No Social Security Disability Garnishment for Private Debts
Only the federal government can garnish your Social Security disability benefits. Therefore, even if you are behind on other significant debts and a legal garnishment order is in place, your Social Security disability benefits may not be garnished. Privately owned debts include:
- Credit card debt
- Auto loans
- Bank loans
- Private student loans
While private lenders cannot garnish Social Security disability benefits, you should regularly check your bank account to make sure that no mistakes are made and that private lenders do not wrongfully garnish your disability benefits.
Social Security Disability Garnishment for Other Debts
While the Social Security Administration cannot withhold any portion of your disability payments to pay your private loans, the agency can withhold a portion of your disability payments if there is a legal garnishment order in place for other types of debts. These debts include:
- Child support
- Alimony or spousal support
- Restitution, or payment that is required to be paid to a victim after a criminal conviction
- Overdue federal taxes
- Federal student loans
- Non-tax debts owed to other federal agencies
If you owe debts that may be legally garnished, then the garnishment should be calculated from your monthly benefit after other legal deductions. In most cases, your garnishment will be the weekly garnishment amount multiplied by 52 and then divided by 12 and rounded to the nearest dime. Typically, the garnishment is limited to either the state maximum or the federal maximum allowed under the Consumer Credit Protection Act, whichever is lower.
For child support payments, the federal maximum provides that you owe:
- 50% of eligible benefits if you support a spouse or child who is not subject to the court order
- 60% of eligible benefits if you do not support a spouse or child who is not subject to the court order
If you are more than 12 weeks late with your child support payments, then the percentage that you must pay rises to 55% if you support another child or spouse or 65% if you do not support another child or spouse.

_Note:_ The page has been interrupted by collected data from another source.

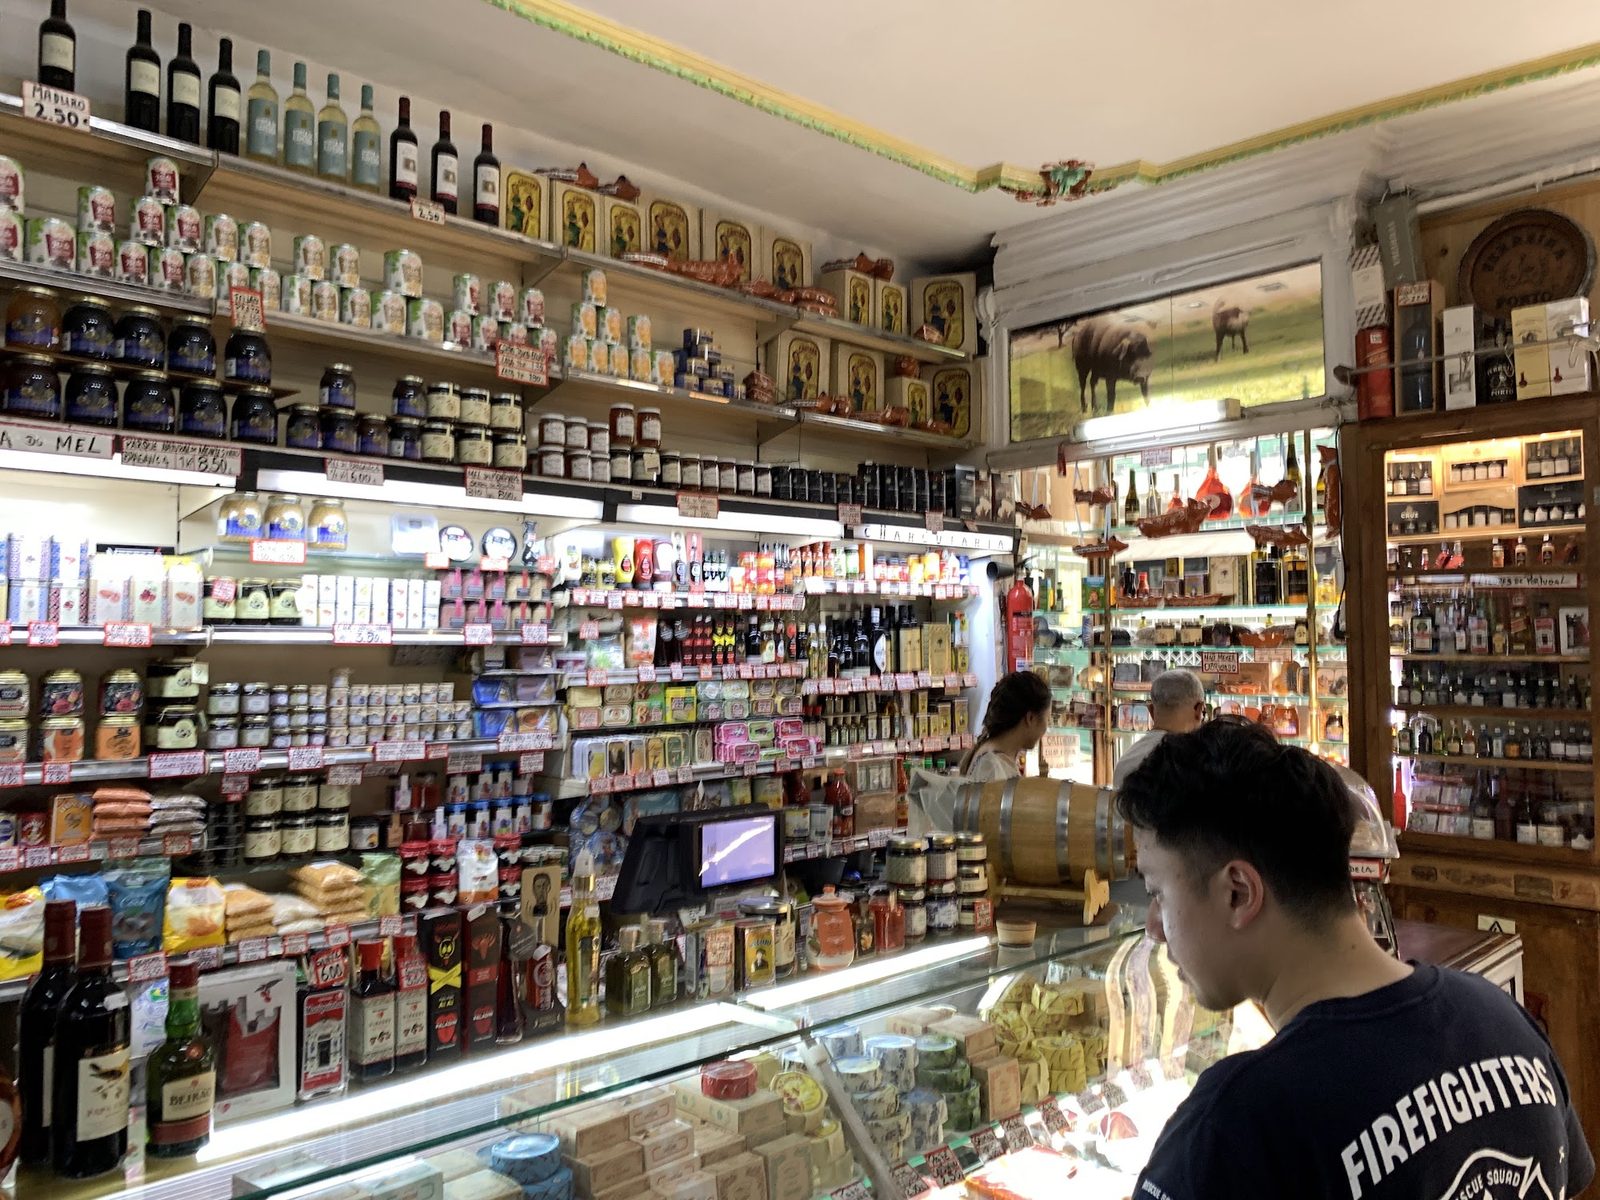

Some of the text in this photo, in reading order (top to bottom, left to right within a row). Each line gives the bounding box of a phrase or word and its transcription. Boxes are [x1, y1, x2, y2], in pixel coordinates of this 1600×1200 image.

[32, 85, 85, 111] MADURO
[56, 435, 101, 454] MEL
[1341, 1056, 1556, 1200] FIREFIGHTERS
[1455, 1174, 1484, 1200] SCUE
[1486, 1168, 1521, 1188] SQUAD
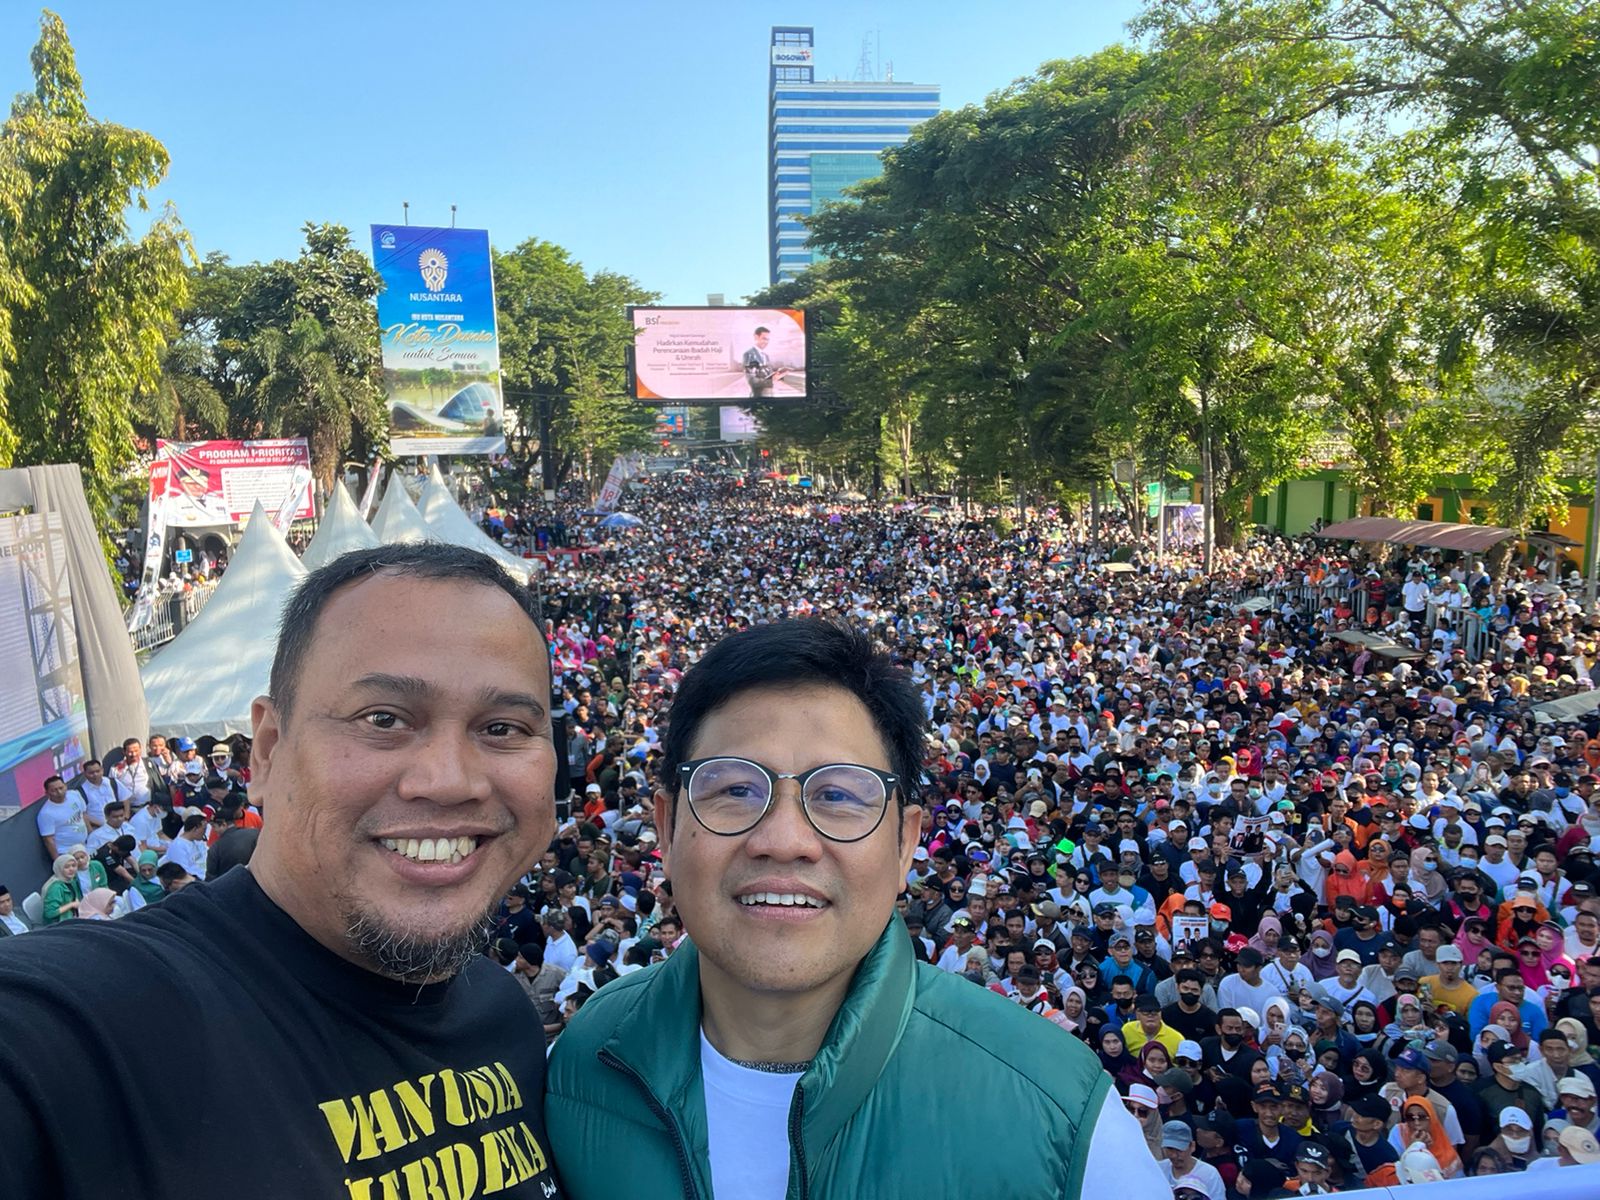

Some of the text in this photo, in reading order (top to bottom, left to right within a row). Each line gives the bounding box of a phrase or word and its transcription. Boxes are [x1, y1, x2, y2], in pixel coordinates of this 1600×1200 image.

[409, 293, 463, 303] NUSANTARA
[645, 317, 660, 325] BSI
[384, 322, 495, 346] Kota Dunia
[403, 346, 478, 361] untuk Semua
[199, 447, 303, 459] PROGRAM PRIORITAS

Make Sure You Get the Social Security Disability Benefits You’ve Earned
Debt is a common part of life. Unfortunately, now that you are disabled and unable to work, it is more challenging than ever to make regular payments on your debts. That doesn’t mean that your disability payments should always go toward paying your debt, however.
The first step in getting the disability benefits that you’ve earned and satisfying your legal garnishments is to apply for Social Security disability benefits. If your application is denied, then you won’t have the money to live on or to pay your garnishments.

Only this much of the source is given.